Mon bagage était resté à mon ancien logement de l’autre côté de l’eau ; j’avais préparé pour ma malle une adresse écrite sur le dos d’une des cartes d’expédition que nous clouions sur nos caisses : « M. David, bureau restant, aux Messageries ; Douvres. » J’avais cette carte dans ma poche, et je comptais la fixer sur ma malle dès que je l’aurais retirée de la maison ; chemin faisant, je regardais autour de moi pour voir si je ne trouverais pas quelqu’un qui pût m’aider à porter mon bagage au bureau de la diligence.

J’aperçus un jeune homme avec de longues jambes, et une très-petite charrette attelée d’un âne, qui se tenait près de l’obélisque sur la route de Blackfriars ; je rencontrai son regard en passant, et il me demanda si je le reconnaîtrais bien une autre fois, faisant probablement allusion à la manière dont je l’avais examiné ; je me hâtai de l’assurer que ce n’était pas une impolitesse, mais que je me demandais s’il ne voudrait pas se charger d’une commission.

« Quelle commission ? demanda le jeune homme.

— De porter une malle, répondis-je.

— Quelle malle ?

— La mienne.

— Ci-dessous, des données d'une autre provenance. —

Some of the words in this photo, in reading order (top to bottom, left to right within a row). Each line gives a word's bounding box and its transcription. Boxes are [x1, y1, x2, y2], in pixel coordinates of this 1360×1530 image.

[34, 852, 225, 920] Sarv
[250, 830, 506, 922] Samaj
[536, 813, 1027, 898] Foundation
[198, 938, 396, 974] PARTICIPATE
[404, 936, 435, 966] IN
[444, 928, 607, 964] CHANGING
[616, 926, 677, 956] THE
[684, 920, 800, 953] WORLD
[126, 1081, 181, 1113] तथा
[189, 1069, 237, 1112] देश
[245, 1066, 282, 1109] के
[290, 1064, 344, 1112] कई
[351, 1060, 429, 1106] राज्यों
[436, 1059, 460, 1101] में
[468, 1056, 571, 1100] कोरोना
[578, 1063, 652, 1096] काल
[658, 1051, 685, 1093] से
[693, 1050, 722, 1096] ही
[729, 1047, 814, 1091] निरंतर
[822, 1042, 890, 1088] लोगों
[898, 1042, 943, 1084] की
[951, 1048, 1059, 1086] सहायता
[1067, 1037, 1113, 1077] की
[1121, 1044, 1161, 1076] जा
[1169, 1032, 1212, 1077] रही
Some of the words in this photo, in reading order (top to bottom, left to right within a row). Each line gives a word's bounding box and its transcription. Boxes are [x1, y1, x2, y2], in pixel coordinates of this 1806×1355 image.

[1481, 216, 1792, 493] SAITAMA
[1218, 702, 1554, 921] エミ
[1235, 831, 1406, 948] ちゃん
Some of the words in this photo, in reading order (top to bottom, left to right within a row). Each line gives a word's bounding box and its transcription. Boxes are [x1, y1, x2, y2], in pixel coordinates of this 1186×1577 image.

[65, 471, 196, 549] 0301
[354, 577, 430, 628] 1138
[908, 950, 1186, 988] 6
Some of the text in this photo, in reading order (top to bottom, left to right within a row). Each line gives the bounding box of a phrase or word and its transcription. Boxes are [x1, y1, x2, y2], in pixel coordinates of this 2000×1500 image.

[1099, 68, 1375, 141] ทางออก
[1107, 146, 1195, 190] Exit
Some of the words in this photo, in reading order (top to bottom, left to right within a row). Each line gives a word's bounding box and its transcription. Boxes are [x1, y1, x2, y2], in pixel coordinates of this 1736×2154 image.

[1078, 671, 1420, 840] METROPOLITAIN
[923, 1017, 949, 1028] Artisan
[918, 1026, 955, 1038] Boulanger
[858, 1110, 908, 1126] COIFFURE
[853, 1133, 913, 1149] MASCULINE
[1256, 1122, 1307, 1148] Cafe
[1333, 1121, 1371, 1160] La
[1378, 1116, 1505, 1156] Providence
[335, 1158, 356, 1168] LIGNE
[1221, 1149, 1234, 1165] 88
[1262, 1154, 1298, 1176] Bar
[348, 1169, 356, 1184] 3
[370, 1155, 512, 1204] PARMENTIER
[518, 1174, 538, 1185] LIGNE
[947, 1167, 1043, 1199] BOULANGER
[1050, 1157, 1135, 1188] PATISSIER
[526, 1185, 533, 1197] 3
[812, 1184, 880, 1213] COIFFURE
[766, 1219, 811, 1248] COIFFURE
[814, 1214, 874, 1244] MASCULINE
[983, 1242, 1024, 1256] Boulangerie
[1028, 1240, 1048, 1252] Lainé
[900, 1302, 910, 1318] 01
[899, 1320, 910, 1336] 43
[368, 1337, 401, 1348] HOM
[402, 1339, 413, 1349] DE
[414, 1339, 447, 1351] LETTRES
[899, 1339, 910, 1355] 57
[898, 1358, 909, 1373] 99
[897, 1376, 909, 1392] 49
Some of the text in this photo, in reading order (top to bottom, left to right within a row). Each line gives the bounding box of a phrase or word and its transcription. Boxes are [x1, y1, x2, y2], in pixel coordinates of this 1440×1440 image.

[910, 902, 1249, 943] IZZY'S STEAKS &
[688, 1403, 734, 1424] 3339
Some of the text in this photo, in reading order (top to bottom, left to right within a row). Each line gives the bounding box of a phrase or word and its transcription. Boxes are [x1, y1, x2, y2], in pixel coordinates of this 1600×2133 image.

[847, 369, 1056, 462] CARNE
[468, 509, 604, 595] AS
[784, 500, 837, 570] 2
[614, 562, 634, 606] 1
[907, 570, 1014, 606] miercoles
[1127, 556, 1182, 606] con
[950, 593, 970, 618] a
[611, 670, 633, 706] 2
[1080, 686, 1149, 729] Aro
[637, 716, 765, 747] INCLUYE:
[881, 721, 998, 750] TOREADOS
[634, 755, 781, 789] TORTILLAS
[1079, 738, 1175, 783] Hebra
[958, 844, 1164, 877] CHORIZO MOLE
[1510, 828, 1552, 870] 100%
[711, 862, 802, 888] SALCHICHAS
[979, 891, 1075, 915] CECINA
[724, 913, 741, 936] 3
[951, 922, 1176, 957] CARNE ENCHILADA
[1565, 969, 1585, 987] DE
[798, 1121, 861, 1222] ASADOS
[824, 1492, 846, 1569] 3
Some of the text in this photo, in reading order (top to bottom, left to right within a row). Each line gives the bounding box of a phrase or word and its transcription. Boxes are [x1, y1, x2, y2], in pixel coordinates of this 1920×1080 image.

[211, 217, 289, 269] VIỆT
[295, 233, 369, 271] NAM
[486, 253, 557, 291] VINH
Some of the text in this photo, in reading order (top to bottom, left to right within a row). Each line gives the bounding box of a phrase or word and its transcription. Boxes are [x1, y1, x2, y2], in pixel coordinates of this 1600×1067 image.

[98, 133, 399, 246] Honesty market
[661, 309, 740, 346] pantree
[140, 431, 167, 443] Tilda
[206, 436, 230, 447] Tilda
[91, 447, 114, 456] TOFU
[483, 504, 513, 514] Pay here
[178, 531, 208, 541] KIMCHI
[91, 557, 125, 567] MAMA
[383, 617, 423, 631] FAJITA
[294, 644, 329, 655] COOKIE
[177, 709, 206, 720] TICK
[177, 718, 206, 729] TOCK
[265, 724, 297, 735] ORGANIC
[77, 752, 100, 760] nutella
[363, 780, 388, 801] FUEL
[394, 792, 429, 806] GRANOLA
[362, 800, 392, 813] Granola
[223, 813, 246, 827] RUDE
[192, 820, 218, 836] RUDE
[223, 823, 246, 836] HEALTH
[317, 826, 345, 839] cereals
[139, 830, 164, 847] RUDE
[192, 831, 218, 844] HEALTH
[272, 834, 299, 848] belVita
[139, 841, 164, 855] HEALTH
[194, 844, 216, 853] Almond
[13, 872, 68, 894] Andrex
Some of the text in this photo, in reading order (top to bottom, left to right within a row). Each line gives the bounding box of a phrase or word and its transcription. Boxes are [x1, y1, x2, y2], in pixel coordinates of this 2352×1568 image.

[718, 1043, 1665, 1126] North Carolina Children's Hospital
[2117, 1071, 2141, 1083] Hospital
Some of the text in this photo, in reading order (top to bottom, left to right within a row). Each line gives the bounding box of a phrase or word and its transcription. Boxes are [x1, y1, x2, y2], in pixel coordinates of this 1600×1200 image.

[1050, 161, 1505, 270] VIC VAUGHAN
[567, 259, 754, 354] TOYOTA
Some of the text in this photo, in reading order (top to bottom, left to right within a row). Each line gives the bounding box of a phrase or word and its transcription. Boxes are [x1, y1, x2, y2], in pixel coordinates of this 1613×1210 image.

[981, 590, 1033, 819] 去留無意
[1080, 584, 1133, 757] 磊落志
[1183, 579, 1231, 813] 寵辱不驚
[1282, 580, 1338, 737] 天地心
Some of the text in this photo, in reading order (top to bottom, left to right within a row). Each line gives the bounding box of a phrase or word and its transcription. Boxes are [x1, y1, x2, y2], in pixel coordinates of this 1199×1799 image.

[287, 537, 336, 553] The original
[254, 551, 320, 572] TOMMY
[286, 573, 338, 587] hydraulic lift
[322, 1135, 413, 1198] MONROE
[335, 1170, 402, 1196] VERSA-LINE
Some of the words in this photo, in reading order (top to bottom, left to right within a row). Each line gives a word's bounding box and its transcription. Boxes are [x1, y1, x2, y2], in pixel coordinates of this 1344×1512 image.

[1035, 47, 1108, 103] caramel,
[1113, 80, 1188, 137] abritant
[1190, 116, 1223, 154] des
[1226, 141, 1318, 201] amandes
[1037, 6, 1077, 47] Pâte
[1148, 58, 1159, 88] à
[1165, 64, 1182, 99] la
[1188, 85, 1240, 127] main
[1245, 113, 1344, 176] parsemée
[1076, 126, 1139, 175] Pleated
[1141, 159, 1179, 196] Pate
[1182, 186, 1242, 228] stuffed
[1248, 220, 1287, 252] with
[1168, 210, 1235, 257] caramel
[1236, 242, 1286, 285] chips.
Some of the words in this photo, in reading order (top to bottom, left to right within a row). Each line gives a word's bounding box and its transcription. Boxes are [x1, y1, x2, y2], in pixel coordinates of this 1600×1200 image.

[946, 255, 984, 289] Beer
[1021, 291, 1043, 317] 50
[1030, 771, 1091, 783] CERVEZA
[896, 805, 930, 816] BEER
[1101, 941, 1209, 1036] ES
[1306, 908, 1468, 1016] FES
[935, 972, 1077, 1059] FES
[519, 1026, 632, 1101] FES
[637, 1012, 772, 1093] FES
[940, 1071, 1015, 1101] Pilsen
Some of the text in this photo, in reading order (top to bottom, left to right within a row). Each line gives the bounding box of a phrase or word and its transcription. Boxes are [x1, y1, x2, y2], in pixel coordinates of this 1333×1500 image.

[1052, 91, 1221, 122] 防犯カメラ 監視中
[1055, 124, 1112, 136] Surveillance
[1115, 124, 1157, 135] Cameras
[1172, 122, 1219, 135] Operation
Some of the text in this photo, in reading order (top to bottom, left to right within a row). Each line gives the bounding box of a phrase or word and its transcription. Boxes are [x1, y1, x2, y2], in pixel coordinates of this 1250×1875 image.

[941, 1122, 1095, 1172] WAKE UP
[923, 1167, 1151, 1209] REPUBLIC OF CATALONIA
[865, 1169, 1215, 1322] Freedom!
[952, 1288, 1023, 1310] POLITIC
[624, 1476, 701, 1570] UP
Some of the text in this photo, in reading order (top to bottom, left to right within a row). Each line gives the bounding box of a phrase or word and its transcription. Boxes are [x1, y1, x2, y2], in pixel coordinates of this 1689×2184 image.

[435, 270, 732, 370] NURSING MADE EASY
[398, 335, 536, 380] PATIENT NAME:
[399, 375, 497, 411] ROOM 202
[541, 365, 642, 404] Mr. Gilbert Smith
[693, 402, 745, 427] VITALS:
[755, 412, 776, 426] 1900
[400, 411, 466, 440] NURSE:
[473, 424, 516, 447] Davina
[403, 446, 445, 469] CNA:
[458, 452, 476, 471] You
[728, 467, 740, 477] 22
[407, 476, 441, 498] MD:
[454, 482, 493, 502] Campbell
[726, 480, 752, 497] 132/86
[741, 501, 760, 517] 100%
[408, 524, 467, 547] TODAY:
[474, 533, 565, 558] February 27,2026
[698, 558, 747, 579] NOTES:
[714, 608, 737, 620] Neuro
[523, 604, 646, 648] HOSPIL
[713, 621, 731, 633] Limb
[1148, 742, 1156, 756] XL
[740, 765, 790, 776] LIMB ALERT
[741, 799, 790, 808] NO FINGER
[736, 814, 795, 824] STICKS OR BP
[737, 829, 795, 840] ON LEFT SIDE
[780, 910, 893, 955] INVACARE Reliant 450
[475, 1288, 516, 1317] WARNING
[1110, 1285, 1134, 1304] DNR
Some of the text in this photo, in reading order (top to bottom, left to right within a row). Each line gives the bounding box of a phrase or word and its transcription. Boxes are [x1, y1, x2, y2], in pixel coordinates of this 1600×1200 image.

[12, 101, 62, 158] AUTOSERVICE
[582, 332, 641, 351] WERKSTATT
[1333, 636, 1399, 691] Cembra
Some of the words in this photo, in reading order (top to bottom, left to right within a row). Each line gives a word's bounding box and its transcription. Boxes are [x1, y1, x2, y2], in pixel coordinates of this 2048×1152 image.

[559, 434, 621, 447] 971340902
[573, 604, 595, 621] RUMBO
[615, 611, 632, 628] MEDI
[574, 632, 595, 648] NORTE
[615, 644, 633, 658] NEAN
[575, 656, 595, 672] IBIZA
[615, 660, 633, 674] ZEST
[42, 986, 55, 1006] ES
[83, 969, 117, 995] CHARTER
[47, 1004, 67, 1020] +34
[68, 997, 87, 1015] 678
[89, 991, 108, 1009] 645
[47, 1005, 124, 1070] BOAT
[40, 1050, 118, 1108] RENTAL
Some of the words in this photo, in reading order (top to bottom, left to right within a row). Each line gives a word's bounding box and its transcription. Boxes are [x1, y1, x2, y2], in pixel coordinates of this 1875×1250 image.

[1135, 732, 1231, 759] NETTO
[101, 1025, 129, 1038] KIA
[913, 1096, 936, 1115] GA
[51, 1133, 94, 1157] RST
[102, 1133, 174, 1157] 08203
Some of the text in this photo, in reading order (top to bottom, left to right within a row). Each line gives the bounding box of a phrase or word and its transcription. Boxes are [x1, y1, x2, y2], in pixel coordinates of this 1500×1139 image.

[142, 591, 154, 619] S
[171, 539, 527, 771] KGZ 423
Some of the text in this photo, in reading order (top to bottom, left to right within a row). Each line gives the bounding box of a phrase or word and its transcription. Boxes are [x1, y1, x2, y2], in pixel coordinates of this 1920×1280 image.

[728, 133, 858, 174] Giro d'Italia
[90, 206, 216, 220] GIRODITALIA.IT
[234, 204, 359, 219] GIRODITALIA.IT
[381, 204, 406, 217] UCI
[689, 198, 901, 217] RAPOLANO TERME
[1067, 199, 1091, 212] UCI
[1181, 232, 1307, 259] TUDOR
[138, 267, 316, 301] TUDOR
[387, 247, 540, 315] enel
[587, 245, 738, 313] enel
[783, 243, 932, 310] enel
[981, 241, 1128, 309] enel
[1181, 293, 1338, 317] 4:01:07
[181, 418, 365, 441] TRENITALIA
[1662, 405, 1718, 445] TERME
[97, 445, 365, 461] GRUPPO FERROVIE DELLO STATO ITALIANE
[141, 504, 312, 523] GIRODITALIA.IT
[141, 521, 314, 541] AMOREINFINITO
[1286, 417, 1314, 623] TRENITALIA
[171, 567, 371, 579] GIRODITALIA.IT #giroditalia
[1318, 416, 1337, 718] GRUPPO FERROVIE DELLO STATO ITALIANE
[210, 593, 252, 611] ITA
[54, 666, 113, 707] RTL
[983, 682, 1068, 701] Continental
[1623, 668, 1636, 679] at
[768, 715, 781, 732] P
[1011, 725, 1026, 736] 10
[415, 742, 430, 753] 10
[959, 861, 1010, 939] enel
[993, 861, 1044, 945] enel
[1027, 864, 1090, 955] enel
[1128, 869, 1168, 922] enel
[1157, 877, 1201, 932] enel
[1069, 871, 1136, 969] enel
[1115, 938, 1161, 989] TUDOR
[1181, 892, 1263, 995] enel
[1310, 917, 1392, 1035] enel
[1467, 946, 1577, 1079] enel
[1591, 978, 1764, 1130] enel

J’expliquai qu’elle était dans une maison au bout de la rue, et que je serais enchanté qu’il voulût bien la porter pour six pence au bureau de la diligence de Douvres.

— Va pour six pence ! » dit mon compagnon aux longues jambes, et il monta à l’instant même dans sa charrette qui se composait de trois planches posées sur des roues, et partit si vite dans la direction indiquée que c’était tout ce que je pouvais faire que de suivre l’âne.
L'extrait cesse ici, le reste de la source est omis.